Upexi Inc. (ticker: UPXI) disclosed its fiscal second quarter 2024 financial outcomes, revealing a strategic pivot towards higher-margin brand products despite a decline in overall revenue. The company reported a decrease in revenue to $21.8 million from $26.7 million year-over-year but saw an increase in gross profit margins to 38%. Brand product sales rose by 16.7% to $7.7 million, representing 35.1% of total revenue. Upexi is optimistic about the upcoming data from an acne study which could boost their health and wellness segment. The company also anticipates cost savings from the completion of manufacturing facility consolidation by the end of April.
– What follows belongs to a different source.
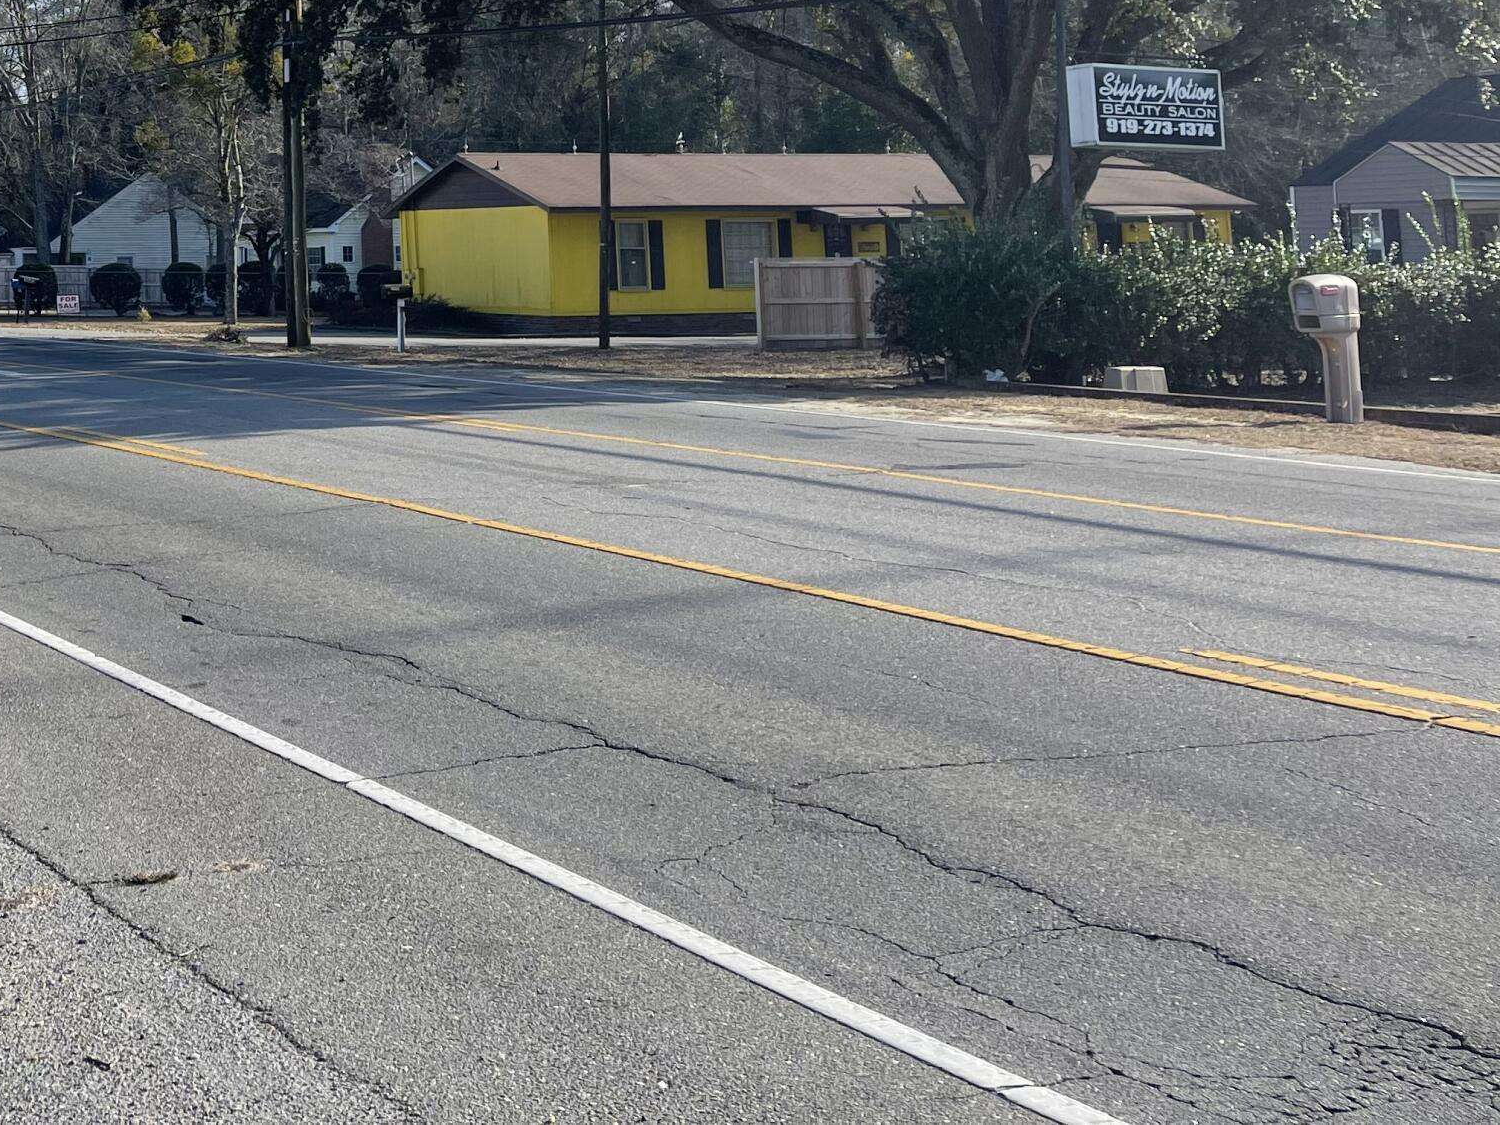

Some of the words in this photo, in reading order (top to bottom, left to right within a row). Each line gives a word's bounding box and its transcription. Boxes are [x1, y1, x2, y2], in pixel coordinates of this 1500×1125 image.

[1158, 76, 1216, 106] Motion
[1103, 103, 1161, 116] BEAUTY
[1169, 106, 1217, 118] SALON
[1106, 118, 1216, 138] 919-273-1374
Despite a net loss of $2.4 million, Upexi achieved a positive adjusted EBITDA of $29,000 and maintains a focus on long-term growth.

Key Takeaways

  • Upexi Inc. reported a decrease in revenue to $21.8 million in Q2 2024, down from $26.7 million in the same period last year.
  • Gross profit margins improved to 38%, up from 31.8% in the previous quarter.
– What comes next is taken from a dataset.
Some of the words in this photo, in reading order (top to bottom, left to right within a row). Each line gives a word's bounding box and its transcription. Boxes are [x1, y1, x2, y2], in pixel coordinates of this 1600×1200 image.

  • Brand product sales, which include health and beauty products, increased by 16.7% sequentially.
  • The company expects cost savings from manufacturing consolidation to be between $450,000 and $550,000 quarterly.
  • Positive adjusted EBITDA was reported at $29,000, with a net loss of $2.4 million.
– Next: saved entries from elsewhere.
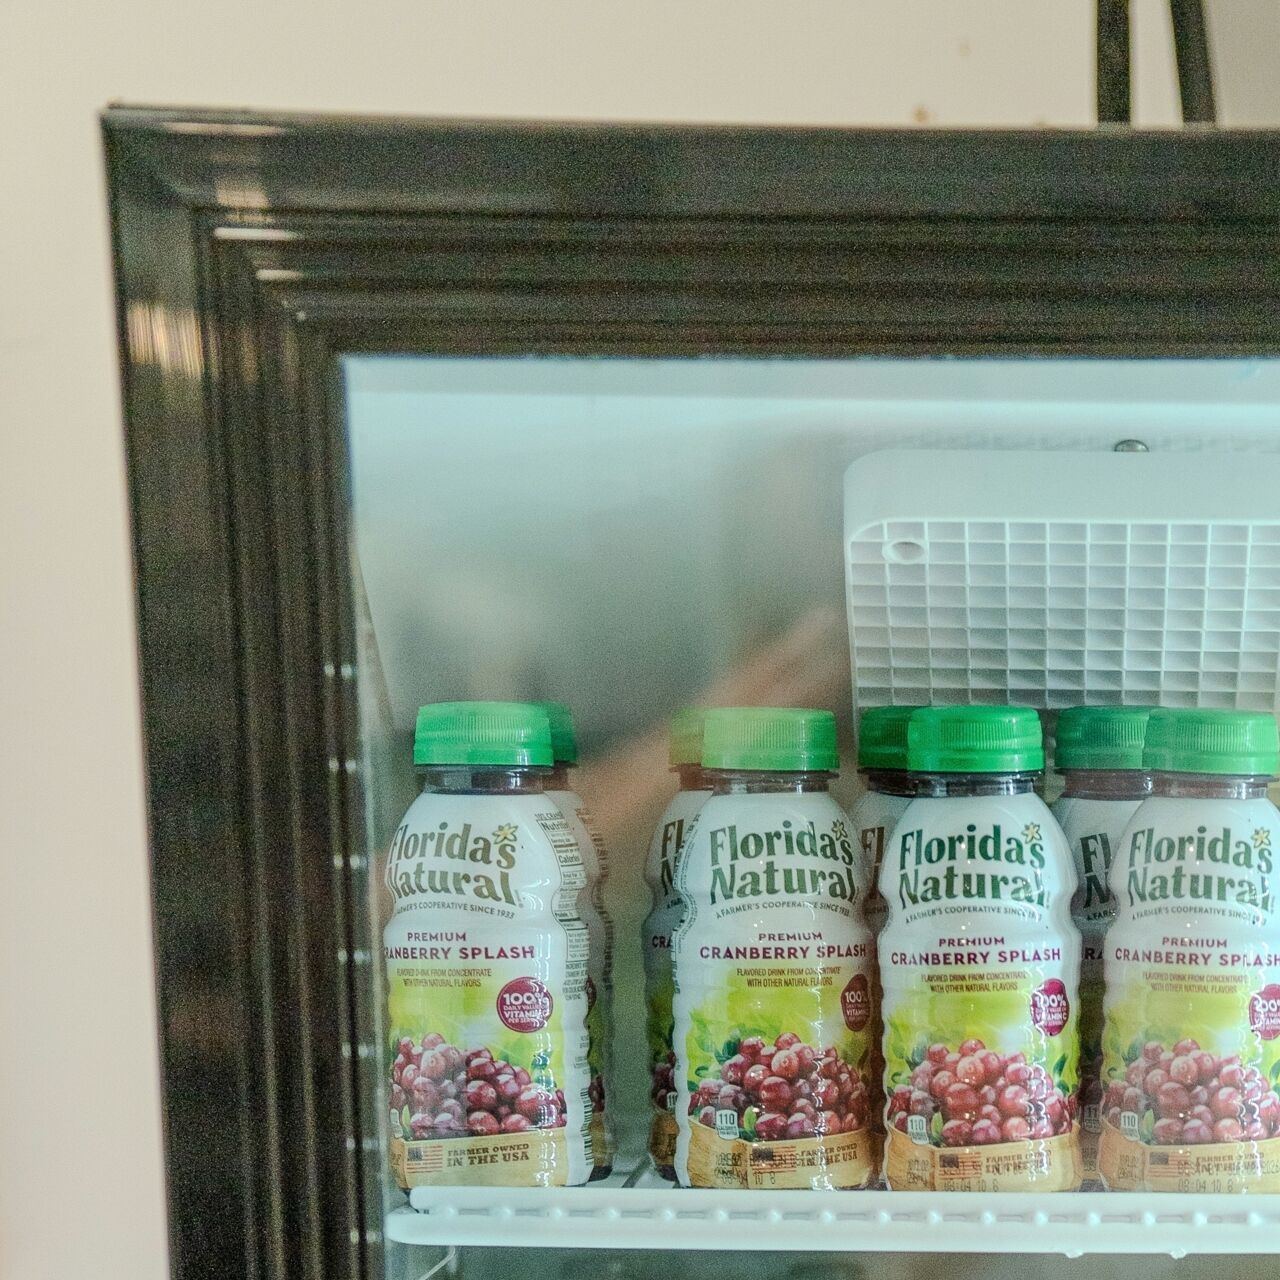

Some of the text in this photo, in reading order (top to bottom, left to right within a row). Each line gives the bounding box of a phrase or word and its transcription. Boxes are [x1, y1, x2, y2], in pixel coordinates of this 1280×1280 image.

[710, 820, 855, 867] Florida's
[900, 824, 1046, 871] Florida's
[1128, 826, 1273, 874] Florida's
[710, 861, 856, 906] Natural
[900, 866, 1046, 910] Natural
[1128, 866, 1271, 912] Natural
[419, 901, 468, 911] COOPERATIVE
[470, 905, 495, 915] SINCE
[407, 932, 467, 942] PREMIUM
[758, 932, 823, 942] PREMIUM
[938, 937, 1005, 947] PREMIUM
[1162, 937, 1227, 947] PREMIUM
[700, 944, 866, 960] CRANBERRY SPLASH
[891, 949, 1061, 966] CRANBERRY SPLASH
[1115, 948, 1212, 965] CRANBERRY
[718, 1113, 735, 1125] 110
[1123, 1115, 1136, 1126] 110
[448, 1143, 530, 1156] FARMER OWNED
[447, 1151, 530, 1168] IN THE USA
  • Cash position as of December 31, 2023, was $1.8 million with total stockholders' equity at $25.5 million.

Company Outlook

  • Upexi Inc. remains dedicated to driving long-term growth through innovation and value creation.
  • The focus on brand products is expected to enhance profitability due to their higher margins and recurring revenues.
  • The company is awaiting results from an acne study, which could significantly impact the health and wellness segment.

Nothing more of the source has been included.